* [About this task] Down to the last line below, repeat the entries word for word and drop the pictures.

═══

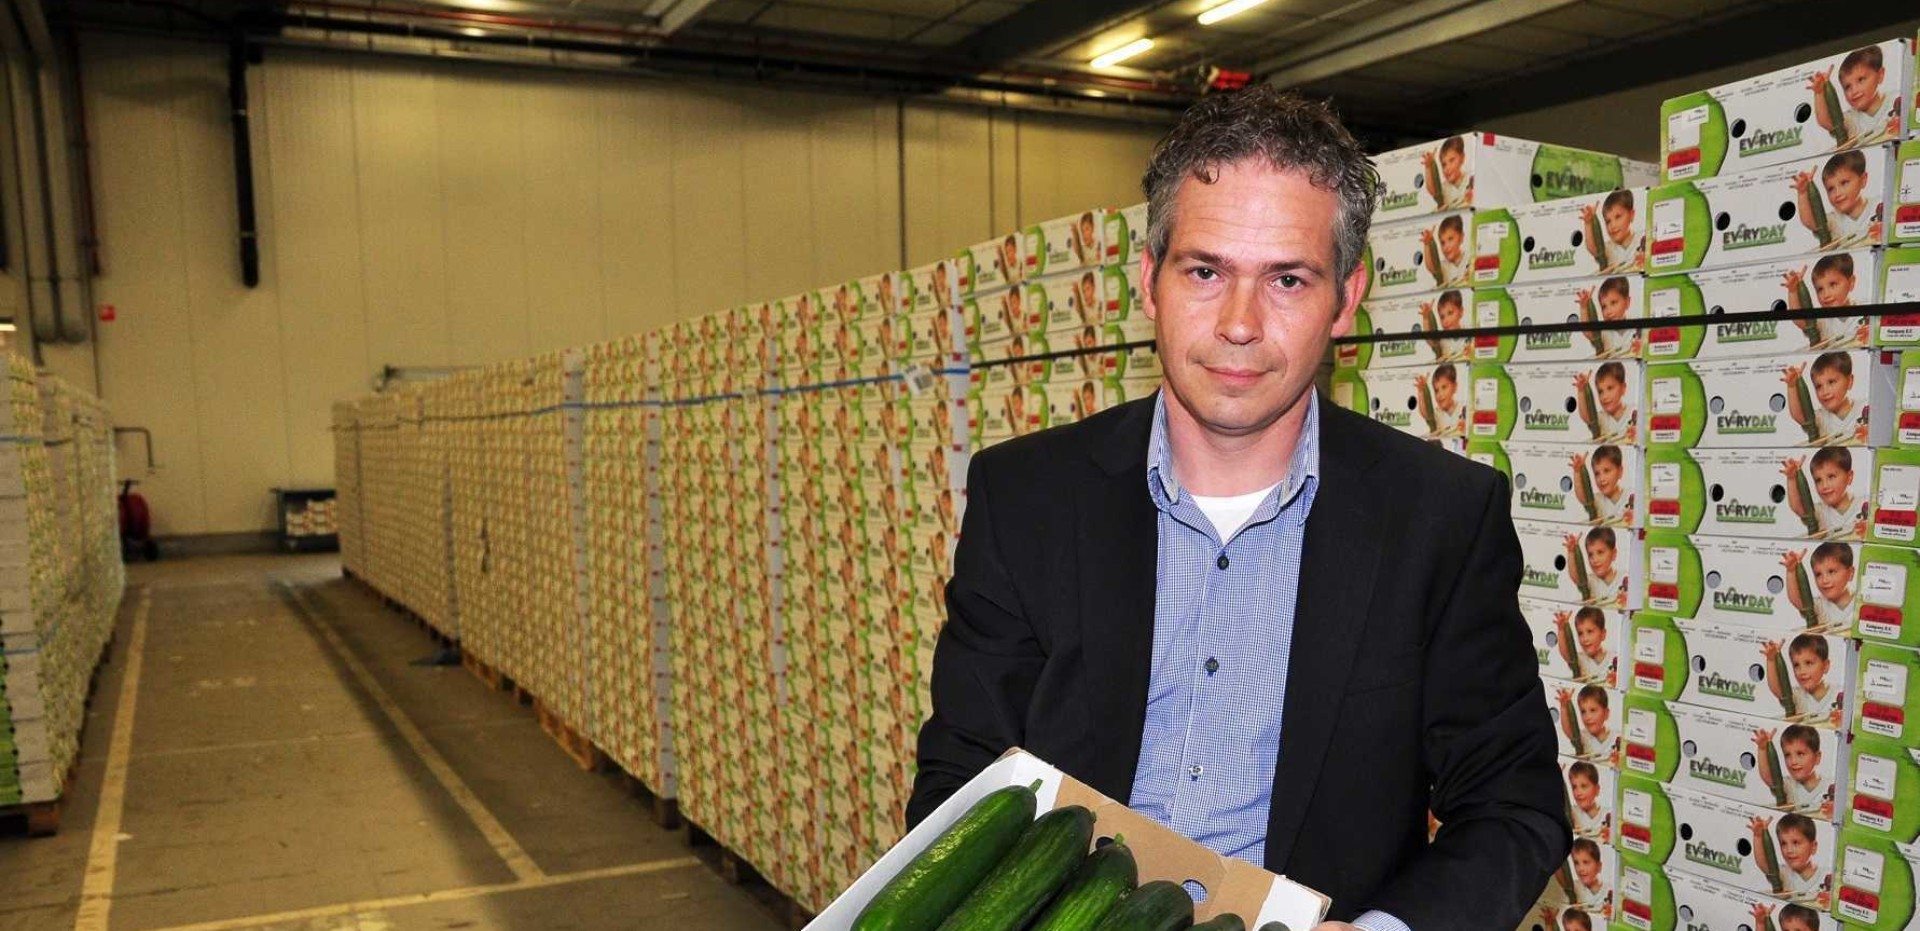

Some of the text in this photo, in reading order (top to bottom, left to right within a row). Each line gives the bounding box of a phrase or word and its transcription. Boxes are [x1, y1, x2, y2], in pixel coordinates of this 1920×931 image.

[1723, 223, 1787, 244] EVERYDAY
[1717, 409, 1778, 428] EVERYDAY
[1716, 498, 1777, 518] EVERYDAY
[1713, 586, 1775, 608] EVERYDAY
[1699, 672, 1756, 696] EVERYDAY
[1689, 757, 1747, 785] EVERYDAY
[1685, 841, 1743, 870] EVERYDAY

═══

* [Response to the exercise]
Some of the text in this photo, in reading order (top to bottom, left to right within a row). Each line gives the bounding box of a phrase or word and its transcription. Boxes are [x1, y1, x2, y2], in pixel coordinates of this 1920×931 image.

[1723, 223, 1787, 244] EVERYDAY
[1717, 409, 1778, 428] EVERYDAY
[1716, 498, 1777, 518] EVERYDAY
[1713, 586, 1775, 608] EVERYDAY
[1699, 672, 1756, 696] EVERYDAY
[1689, 757, 1747, 785] EVERYDAY
[1685, 841, 1743, 870] EVERYDAY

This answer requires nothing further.